[Stored data entries]
--------
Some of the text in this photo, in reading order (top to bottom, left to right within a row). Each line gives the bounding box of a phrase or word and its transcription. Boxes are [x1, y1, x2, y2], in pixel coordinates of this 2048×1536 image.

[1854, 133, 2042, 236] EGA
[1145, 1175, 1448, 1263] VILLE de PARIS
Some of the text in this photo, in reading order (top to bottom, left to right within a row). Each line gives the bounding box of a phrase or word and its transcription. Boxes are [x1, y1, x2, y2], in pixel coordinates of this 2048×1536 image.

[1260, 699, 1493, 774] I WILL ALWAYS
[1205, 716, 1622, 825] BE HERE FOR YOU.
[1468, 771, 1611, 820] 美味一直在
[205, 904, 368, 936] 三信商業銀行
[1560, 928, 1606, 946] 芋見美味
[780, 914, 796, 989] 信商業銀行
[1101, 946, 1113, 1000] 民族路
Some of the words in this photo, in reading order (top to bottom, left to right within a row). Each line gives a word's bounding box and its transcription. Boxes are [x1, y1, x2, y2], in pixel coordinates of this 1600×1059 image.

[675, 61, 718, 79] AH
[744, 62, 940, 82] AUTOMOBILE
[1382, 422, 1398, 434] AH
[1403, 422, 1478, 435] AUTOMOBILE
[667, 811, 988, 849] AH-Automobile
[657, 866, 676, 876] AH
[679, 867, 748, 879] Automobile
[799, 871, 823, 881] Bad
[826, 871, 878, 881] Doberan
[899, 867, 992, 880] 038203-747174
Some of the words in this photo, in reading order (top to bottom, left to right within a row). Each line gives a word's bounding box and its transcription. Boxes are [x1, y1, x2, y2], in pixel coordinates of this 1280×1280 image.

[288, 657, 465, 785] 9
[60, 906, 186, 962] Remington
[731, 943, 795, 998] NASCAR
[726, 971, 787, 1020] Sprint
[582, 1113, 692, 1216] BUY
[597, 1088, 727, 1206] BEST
--------
> [INSTRUCTIONS TO FOLLOW] Print out each record above exactly, with nothing omitted.

> [REPLY TO THE TASK]
Some of the text in this photo, in reading order (top to bottom, left to right within a row). Each line gives the bounding box of a phrase or word and its transcription. Boxes are [x1, y1, x2, y2], in pixel coordinates of this 2048×1536 image.

[1854, 133, 2042, 236] EGA
[1145, 1175, 1448, 1263] VILLE de PARIS
Some of the text in this photo, in reading order (top to bottom, left to right within a row). Each line gives the bounding box of a phrase or word and its transcription. Boxes are [x1, y1, x2, y2], in pixel coordinates of this 2048×1536 image.

[1260, 699, 1493, 774] I WILL ALWAYS
[1205, 716, 1622, 825] BE HERE FOR YOU.
[1468, 771, 1611, 820] 美味一直在
[205, 904, 368, 936] 三信商業銀行
[1560, 928, 1606, 946] 芋見美味
[780, 914, 796, 989] 信商業銀行
[1101, 946, 1113, 1000] 民族路
Some of the words in this photo, in reading order (top to bottom, left to right within a row). Each line gives a word's bounding box and its transcription. Boxes are [x1, y1, x2, y2], in pixel coordinates of this 1600×1059 image.

[675, 61, 718, 79] AH
[744, 62, 940, 82] AUTOMOBILE
[1382, 422, 1398, 434] AH
[1403, 422, 1478, 435] AUTOMOBILE
[667, 811, 988, 849] AH-Automobile
[657, 866, 676, 876] AH
[679, 867, 748, 879] Automobile
[799, 871, 823, 881] Bad
[826, 871, 878, 881] Doberan
[899, 867, 992, 880] 038203-747174
Some of the words in this photo, in reading order (top to bottom, left to right within a row). Each line gives a word's bounding box and its transcription. Boxes are [x1, y1, x2, y2], in pixel coordinates of this 1280×1280 image.

[288, 657, 465, 785] 9
[60, 906, 186, 962] Remington
[731, 943, 795, 998] NASCAR
[726, 971, 787, 1020] Sprint
[582, 1113, 692, 1216] BUY
[597, 1088, 727, 1206] BEST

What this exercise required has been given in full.